Siam Square in Riverdale/Spuyten Duyvil

Finally Khao Soi makes it to the Bronx! I never would have believed that this would happen given the relative paucity of Thai restaurants in the Bronx, nor would I have found out about it had my perennial quest khompanion Chris not happened to be in the hood, stopped in this restaurant, and knew I was obsessed with this dish, so told me I needed to check it out. I'd made a previous failed attempt to visit this great-white-north representative of the Khao-soi-o-sphere since I work in the Bronx at the New York Botanical Garden, where I organized 2 cars and 7 people to trek clear to the other side of the Bronx for lunch, only to find that despite the neon sign in their window that said they were open for lunch and dinner, they do not open until 5 PM. So back to Siam Square I went on a rare evening when I found myself still in the Bronx with my friends Jolene (congrats on her new book chapter publication on Mayan healthcare!) and Anthony, who were excited to find a good new restaurant in their hood, even though they were moving out of there that night.

Once we finally made it into this mysterious Thai outpost up a long hill on an icy night, we we greeted by a warm, lavishly decorated interior with plenty of thai fabrics, puppets, and instruments. The prices are a bit high especially for the "Kao Soi" at $17, even when we ordered it with tofu instead of shrimp and chicken. This was probably higher than even Kittichai, the priciest place I'd been to on this Khao Soi tour. Hmm, maybe the rents are even higher in Riverdale than in SOHO. In the end it was probably worth it since it was very tasty, and the other dishes we got, sautéed watercress with garlic and Pad Kee Mao (drunken noodles), were both very good and under $10.

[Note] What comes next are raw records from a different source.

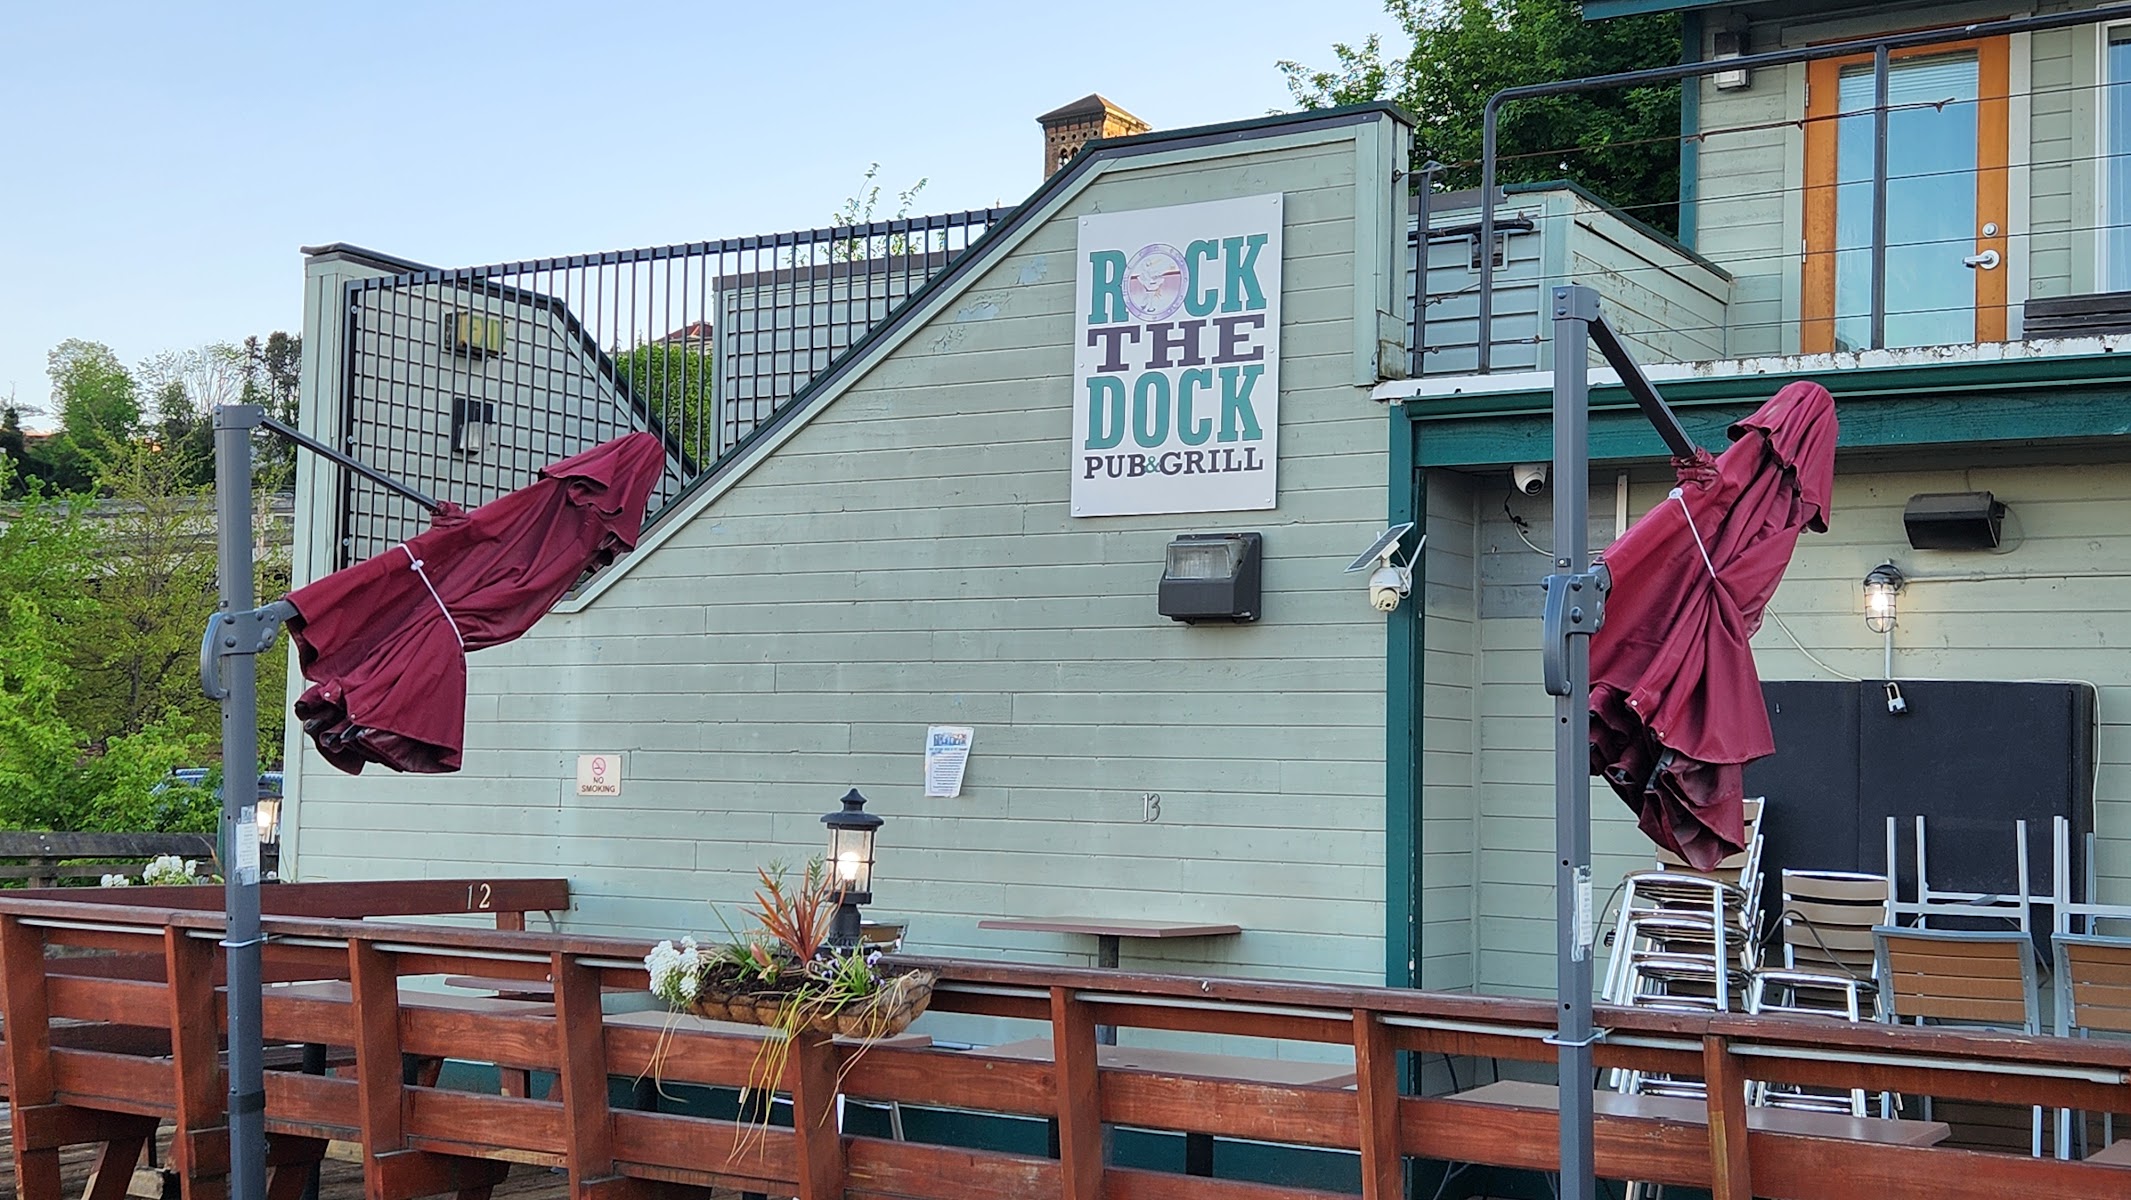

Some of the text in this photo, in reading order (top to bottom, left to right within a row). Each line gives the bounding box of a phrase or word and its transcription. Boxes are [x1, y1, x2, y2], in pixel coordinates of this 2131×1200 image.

[1088, 233, 1268, 325] ROCK
[1087, 313, 1265, 373] THE
[1084, 363, 1264, 450] DOCK
[581, 784, 616, 793] SMOKING
[593, 776, 604, 784] NO
[1142, 792, 1161, 823] 13
[467, 883, 491, 910] 12

The Khao Soi came with all the toppings on top already, leaving out half the fun of eating this stuff for us, but what can you do? This had a minimal set of toppings with just mung bean sprouts, raw shallots, a lime wedge, and scallions, missing the fried shallots, fried noodles, and ever-so-important pickled mustard greens. But despite the lack of these rich, flavor-inducing components, the broth and soup had a complex flavor with plenty of sourness and spice. They didn't even ask us how spicy we wanted things but maybe inferred that we were serious about spice and Thai food when we ordered the Khao Soi and Pad Kee Mao. As usual, the dish was a bit short on the broth/curry, not lasting quite as long as the noodles, and especially for $17 and with broth this good, there should be more. But maybe it's hard to get coconut milk in the nosebleed section of New York. Who knows! I'd definitely recommend this place if you're nearby, you have some money to spend, or you order some of the other, cheaper-yet-still-tasty dishes on the menu.

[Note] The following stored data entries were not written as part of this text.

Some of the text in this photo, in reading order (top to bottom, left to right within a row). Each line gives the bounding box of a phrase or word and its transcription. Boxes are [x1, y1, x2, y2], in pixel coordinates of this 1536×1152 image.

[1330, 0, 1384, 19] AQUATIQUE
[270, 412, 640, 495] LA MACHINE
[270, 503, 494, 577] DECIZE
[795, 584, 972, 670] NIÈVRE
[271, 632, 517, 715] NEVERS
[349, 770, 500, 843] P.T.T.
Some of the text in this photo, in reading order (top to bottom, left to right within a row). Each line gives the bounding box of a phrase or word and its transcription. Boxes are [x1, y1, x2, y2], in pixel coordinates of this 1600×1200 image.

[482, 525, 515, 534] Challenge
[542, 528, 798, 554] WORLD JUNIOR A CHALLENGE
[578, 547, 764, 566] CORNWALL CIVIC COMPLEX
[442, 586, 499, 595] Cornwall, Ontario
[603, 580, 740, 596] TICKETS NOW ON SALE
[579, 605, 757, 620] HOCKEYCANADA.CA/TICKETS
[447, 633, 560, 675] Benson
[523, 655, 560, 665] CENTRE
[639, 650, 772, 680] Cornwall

The hostess said she was from Chiang Mai, as expected, and said she was excited to go back there and visit next summer. Mmmm, Thai food for breakfast, lunch and dinner, delicious tropical fruits like the best in the world fruit, the mangosteen, and cheap, relaxing Thai massages! I want to go back!


564 Kappock St
Bronx,‎ NY‎ 10463
(718) 432-8200

 

1 comment:

Neeta said...

I have to say though that Siam Square has become vegetarian unfriendly nowadays. They add fish sauce in everything from salad to noodles. I used to like going there and now I wonder if the management has changed or they didn't tell us before that they add fish sauce in everything. I am very sad to say goodbye to one of my favorite restaurants.